### [Study material]

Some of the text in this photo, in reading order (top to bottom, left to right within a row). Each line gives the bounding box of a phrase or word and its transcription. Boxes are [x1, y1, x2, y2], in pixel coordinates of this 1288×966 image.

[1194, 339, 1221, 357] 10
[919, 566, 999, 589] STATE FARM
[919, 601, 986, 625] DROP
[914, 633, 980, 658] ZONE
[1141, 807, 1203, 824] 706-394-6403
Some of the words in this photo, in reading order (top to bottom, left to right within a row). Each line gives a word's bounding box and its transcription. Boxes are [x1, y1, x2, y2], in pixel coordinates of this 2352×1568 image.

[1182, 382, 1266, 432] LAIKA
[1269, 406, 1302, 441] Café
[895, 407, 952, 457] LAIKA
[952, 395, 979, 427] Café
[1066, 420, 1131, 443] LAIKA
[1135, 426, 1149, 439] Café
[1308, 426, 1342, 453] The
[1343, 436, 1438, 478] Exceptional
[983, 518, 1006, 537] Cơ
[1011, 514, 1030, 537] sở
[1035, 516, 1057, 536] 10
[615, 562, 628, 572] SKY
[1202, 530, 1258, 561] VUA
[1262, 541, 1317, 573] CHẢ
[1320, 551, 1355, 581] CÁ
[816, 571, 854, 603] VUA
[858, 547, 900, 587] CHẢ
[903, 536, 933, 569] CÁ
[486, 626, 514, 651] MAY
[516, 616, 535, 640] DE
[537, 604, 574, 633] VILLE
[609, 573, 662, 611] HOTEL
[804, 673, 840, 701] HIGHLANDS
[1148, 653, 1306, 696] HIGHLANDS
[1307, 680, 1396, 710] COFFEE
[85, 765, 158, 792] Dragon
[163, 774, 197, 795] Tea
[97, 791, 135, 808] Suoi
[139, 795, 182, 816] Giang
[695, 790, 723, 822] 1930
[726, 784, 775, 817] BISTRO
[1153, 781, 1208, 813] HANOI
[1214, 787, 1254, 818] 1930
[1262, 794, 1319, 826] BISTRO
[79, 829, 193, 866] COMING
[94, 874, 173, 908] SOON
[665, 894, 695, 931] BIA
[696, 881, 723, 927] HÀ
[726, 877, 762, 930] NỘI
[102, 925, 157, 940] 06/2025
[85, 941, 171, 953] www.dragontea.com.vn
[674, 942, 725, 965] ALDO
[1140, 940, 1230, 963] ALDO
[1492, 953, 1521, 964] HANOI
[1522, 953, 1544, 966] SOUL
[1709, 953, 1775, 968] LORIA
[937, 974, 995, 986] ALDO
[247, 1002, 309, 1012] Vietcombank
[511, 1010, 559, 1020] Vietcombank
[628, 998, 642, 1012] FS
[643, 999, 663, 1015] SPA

### [To do]
Output the listing exactly. Leave no line out.

### [Response to the exercise]
Some of the text in this photo, in reading order (top to bottom, left to right within a row). Each line gives the bounding box of a phrase or word and its transcription. Boxes are [x1, y1, x2, y2], in pixel coordinates of this 1288×966 image.

[1194, 339, 1221, 357] 10
[919, 566, 999, 589] STATE FARM
[919, 601, 986, 625] DROP
[914, 633, 980, 658] ZONE
[1141, 807, 1203, 824] 706-394-6403
Some of the words in this photo, in reading order (top to bottom, left to right within a row). Each line gives a word's bounding box and its transcription. Boxes are [x1, y1, x2, y2], in pixel coordinates of this 2352×1568 image.

[1182, 382, 1266, 432] LAIKA
[1269, 406, 1302, 441] Café
[895, 407, 952, 457] LAIKA
[952, 395, 979, 427] Café
[1066, 420, 1131, 443] LAIKA
[1135, 426, 1149, 439] Café
[1308, 426, 1342, 453] The
[1343, 436, 1438, 478] Exceptional
[983, 518, 1006, 537] Cơ
[1011, 514, 1030, 537] sở
[1035, 516, 1057, 536] 10
[615, 562, 628, 572] SKY
[1202, 530, 1258, 561] VUA
[1262, 541, 1317, 573] CHẢ
[1320, 551, 1355, 581] CÁ
[816, 571, 854, 603] VUA
[858, 547, 900, 587] CHẢ
[903, 536, 933, 569] CÁ
[486, 626, 514, 651] MAY
[516, 616, 535, 640] DE
[537, 604, 574, 633] VILLE
[609, 573, 662, 611] HOTEL
[804, 673, 840, 701] HIGHLANDS
[1148, 653, 1306, 696] HIGHLANDS
[1307, 680, 1396, 710] COFFEE
[85, 765, 158, 792] Dragon
[163, 774, 197, 795] Tea
[97, 791, 135, 808] Suoi
[139, 795, 182, 816] Giang
[695, 790, 723, 822] 1930
[726, 784, 775, 817] BISTRO
[1153, 781, 1208, 813] HANOI
[1214, 787, 1254, 818] 1930
[1262, 794, 1319, 826] BISTRO
[79, 829, 193, 866] COMING
[94, 874, 173, 908] SOON
[665, 894, 695, 931] BIA
[696, 881, 723, 927] HÀ
[726, 877, 762, 930] NỘI
[102, 925, 157, 940] 06/2025
[85, 941, 171, 953] www.dragontea.com.vn
[674, 942, 725, 965] ALDO
[1140, 940, 1230, 963] ALDO
[1492, 953, 1521, 964] HANOI
[1522, 953, 1544, 966] SOUL
[1709, 953, 1775, 968] LORIA
[937, 974, 995, 986] ALDO
[247, 1002, 309, 1012] Vietcombank
[511, 1010, 559, 1020] Vietcombank
[628, 998, 642, 1012] FS
[643, 999, 663, 1015] SPA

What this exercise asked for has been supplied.